_Assignment_
Output every entry exactly as given.

_Input for this task_
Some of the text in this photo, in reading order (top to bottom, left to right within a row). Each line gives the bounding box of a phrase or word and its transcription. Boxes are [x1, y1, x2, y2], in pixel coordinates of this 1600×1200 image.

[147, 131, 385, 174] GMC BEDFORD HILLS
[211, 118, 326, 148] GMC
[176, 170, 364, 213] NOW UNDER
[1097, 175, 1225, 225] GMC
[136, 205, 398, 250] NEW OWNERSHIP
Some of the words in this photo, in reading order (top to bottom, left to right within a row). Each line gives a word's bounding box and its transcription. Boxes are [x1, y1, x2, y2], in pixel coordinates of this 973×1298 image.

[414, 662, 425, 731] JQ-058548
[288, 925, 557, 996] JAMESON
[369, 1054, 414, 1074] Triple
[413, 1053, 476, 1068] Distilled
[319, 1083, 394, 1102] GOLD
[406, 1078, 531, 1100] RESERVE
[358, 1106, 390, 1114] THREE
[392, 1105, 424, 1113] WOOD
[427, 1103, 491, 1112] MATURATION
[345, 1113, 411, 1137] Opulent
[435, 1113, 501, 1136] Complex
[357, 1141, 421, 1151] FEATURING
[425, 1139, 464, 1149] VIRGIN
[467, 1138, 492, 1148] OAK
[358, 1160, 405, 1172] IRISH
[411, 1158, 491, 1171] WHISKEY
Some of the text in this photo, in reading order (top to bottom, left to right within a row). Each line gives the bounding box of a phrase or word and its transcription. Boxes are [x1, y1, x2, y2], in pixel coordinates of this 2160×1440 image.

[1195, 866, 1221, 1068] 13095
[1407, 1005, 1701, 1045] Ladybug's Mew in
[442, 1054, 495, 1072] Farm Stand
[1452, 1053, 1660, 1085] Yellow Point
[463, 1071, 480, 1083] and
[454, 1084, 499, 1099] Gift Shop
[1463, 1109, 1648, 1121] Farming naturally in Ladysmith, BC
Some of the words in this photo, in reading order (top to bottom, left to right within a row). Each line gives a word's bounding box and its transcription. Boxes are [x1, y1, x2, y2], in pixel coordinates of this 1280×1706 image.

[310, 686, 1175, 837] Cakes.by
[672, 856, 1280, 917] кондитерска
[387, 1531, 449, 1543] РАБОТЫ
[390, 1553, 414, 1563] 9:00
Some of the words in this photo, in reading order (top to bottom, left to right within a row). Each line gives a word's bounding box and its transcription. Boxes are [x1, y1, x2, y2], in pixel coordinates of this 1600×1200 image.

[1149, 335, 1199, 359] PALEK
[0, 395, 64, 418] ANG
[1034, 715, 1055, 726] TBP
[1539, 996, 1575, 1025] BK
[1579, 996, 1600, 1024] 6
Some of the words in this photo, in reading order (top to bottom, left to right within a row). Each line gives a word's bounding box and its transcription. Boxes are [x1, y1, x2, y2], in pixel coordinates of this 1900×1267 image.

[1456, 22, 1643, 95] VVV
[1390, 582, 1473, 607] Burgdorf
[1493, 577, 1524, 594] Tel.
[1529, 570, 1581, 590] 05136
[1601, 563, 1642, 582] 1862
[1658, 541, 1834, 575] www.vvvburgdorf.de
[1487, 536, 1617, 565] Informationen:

_Solved problem_
Some of the text in this photo, in reading order (top to bottom, left to right within a row). Each line gives the bounding box of a phrase or word and its transcription. Boxes are [x1, y1, x2, y2], in pixel coordinates of this 1600×1200 image.

[147, 131, 385, 174] GMC BEDFORD HILLS
[211, 118, 326, 148] GMC
[176, 170, 364, 213] NOW UNDER
[1097, 175, 1225, 225] GMC
[136, 205, 398, 250] NEW OWNERSHIP
Some of the words in this photo, in reading order (top to bottom, left to right within a row). Each line gives a word's bounding box and its transcription. Boxes are [x1, y1, x2, y2], in pixel coordinates of this 973×1298 image.

[414, 662, 425, 731] JQ-058548
[288, 925, 557, 996] JAMESON
[369, 1054, 414, 1074] Triple
[413, 1053, 476, 1068] Distilled
[319, 1083, 394, 1102] GOLD
[406, 1078, 531, 1100] RESERVE
[358, 1106, 390, 1114] THREE
[392, 1105, 424, 1113] WOOD
[427, 1103, 491, 1112] MATURATION
[345, 1113, 411, 1137] Opulent
[435, 1113, 501, 1136] Complex
[357, 1141, 421, 1151] FEATURING
[425, 1139, 464, 1149] VIRGIN
[467, 1138, 492, 1148] OAK
[358, 1160, 405, 1172] IRISH
[411, 1158, 491, 1171] WHISKEY
Some of the text in this photo, in reading order (top to bottom, left to right within a row). Each line gives the bounding box of a phrase or word and its transcription. Boxes are [x1, y1, x2, y2], in pixel coordinates of this 2160×1440 image.

[1195, 866, 1221, 1068] 13095
[1407, 1005, 1701, 1045] Ladybug's Mew in
[442, 1054, 495, 1072] Farm Stand
[1452, 1053, 1660, 1085] Yellow Point
[463, 1071, 480, 1083] and
[454, 1084, 499, 1099] Gift Shop
[1463, 1109, 1648, 1121] Farming naturally in Ladysmith, BC
Some of the words in this photo, in reading order (top to bottom, left to right within a row). Each line gives a word's bounding box and its transcription. Boxes are [x1, y1, x2, y2], in pixel coordinates of this 1280×1706 image.

[310, 686, 1175, 837] Cakes.by
[672, 856, 1280, 917] кондитерска
[387, 1531, 449, 1543] РАБОТЫ
[390, 1553, 414, 1563] 9:00
Some of the words in this photo, in reading order (top to bottom, left to right within a row). Each line gives a word's bounding box and its transcription. Boxes are [x1, y1, x2, y2], in pixel coordinates of this 1600×1200 image.

[1149, 335, 1199, 359] PALEK
[0, 395, 64, 418] ANG
[1034, 715, 1055, 726] TBP
[1539, 996, 1575, 1025] BK
[1579, 996, 1600, 1024] 6
Some of the words in this photo, in reading order (top to bottom, left to right within a row). Each line gives a word's bounding box and its transcription. Boxes are [x1, y1, x2, y2], in pixel coordinates of this 1900×1267 image.

[1456, 22, 1643, 95] VVV
[1390, 582, 1473, 607] Burgdorf
[1493, 577, 1524, 594] Tel.
[1529, 570, 1581, 590] 05136
[1601, 563, 1642, 582] 1862
[1658, 541, 1834, 575] www.vvvburgdorf.de
[1487, 536, 1617, 565] Informationen:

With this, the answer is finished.